Markets continue to await additional quarterly earnings reports as about 46% of the S&P 500 is expected to report over the course of the week.
Among those reporting will be widely watched heavy-weight tech names:
- Alphabet (4/28)
- Amazon (4/30)
- Apple (4/30)
- Facebook (4/29)
- Microsoft (4/29)
Oil prices continued their free fall, falling $4.16 to close down over 25% as oversupply concerns continue to once again hit the sector. WTI crude remains lower by about 80% this year as demand is expected to start to creep back as normality is restored to global economies. However, even as demand looks to improve, oversupply and storage capacity still look to remain an overhang on sentiment as estimates have global demand down ~25-30mm barrels/day from February levels while supply for the month of April remained elevated. Helping supply, but not necessarily expected to solve the issue, are expected production cuts from the OPEC+ on May 1st, with ~9.7mm barrels a day less being produced.

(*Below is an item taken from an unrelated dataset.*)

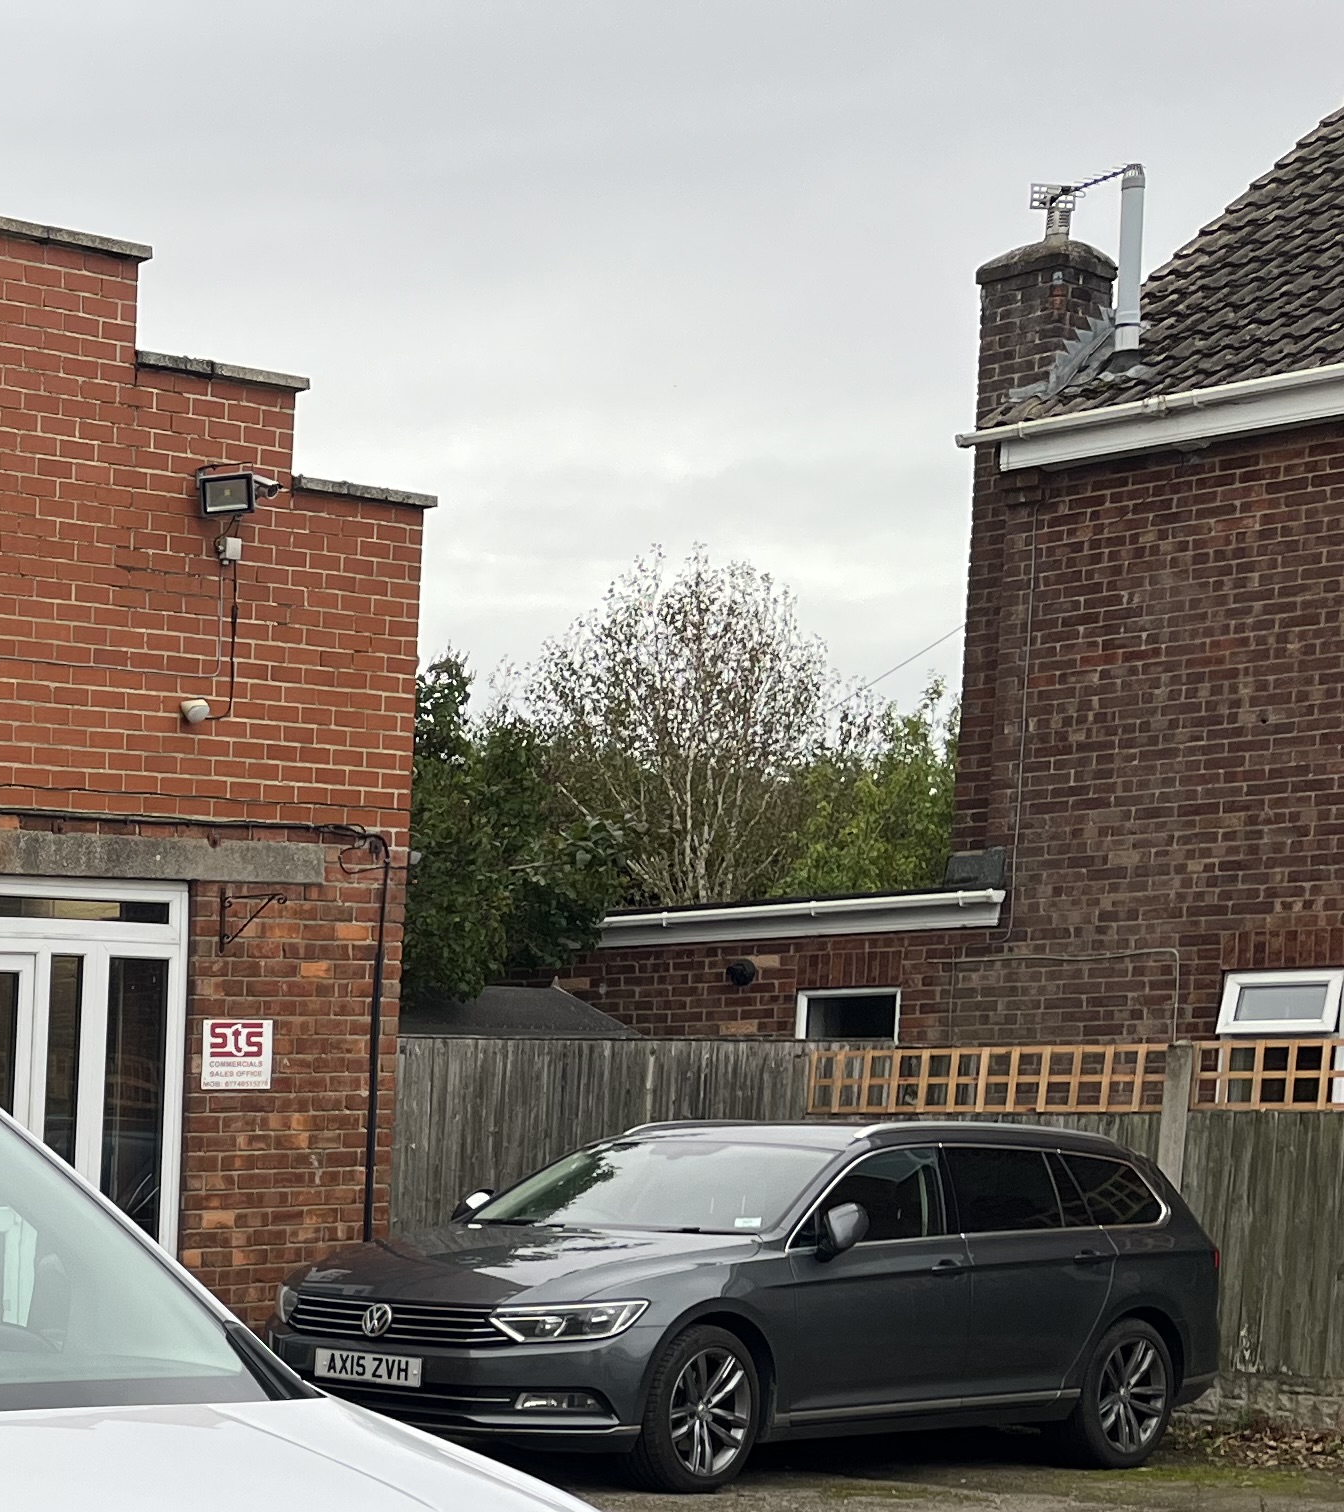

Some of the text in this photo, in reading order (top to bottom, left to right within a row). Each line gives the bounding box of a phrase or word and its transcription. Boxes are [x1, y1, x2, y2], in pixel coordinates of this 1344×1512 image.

[209, 1060, 263, 1068] COMMERCIALS
[327, 1352, 410, 1381] AX15 ZVH

Investors continue to see short sellers bear the brunt of recent market moves. On Monday the Goldman Sachs short index closed up 3.54% while the 50 most crowded Russell 2K shorts last week was up 4.8%, compared to a 67-basis point decline for the QQQ.
As we look towards the days ahead, investors will await:
- The upcoming Fed meeting on Wednesday
- Q1 GDP on Wednesday
- Initial jobless claims on Thursday
- ECB monetary policy decision on Thursday
- China April PMI’s on Thursday
- ISM Manufacturing number on Friday
THIS WEEK INTERNATIONAL
Europe – The Euro STOXX Index was down 1.79% last week, led by healthcare which was up 2.92% and oil and gas which was up 0.91%. Retail, food and beverage and construction plummeted more than 3%.
According to the latest forecast of Angela Merkel’s
administration, Germany expects GDP to decrease between 6% and 7% in 2020
followed by an expected recovery in
2021 greater than 5%.
S&P maintained Italy’s BBB rating last week. According to the rating agency, “the ECB’s current financing backstop enables Italy to refinance its debt at real interest rates of around 0%”. S&P projects a 9% contraction for Italy in 2020 and a 6.4% recovery in 202
Italian Prime Minister Giuseppe Conte announced that lockdown measures will be relaxed on May 4th for parks, factories, and building sites, but restaurants and bars will remain closed until June 1st. However, schools will not restart until September.
APAC – The Shanghai Composite was down 1.06% last week; real estate and communications declined more than 2%.
Wuhan is set to reopen schools on May 6th, despite fears of a second wave of infection. In Beijing, the ministry of education announced that students must have their temperatures checked at school gates and must show that they have a “green” code on their health monitoring app to be allowed in class.
After years of research, the People’s Bank of China is reportedly rolling out a new digital currency designed to make transactions fast, secure are cashless.
In Japan, the Nikkei was down 3.19% last week. The Bank of Japan (BOJ) announced an unlimited bond purchase program to keep borrowing costs low. The BOJ will also raise the maximum amount of corporate bonds and commercial paper it can purchase to $186 billion.
In North Korea, uncertainty continues to surround Kim Jong-Un’s health. His sister Kim-Yo-Yong is viewed as a potential successor. She is known for playing a key role in shaping her brother’s image.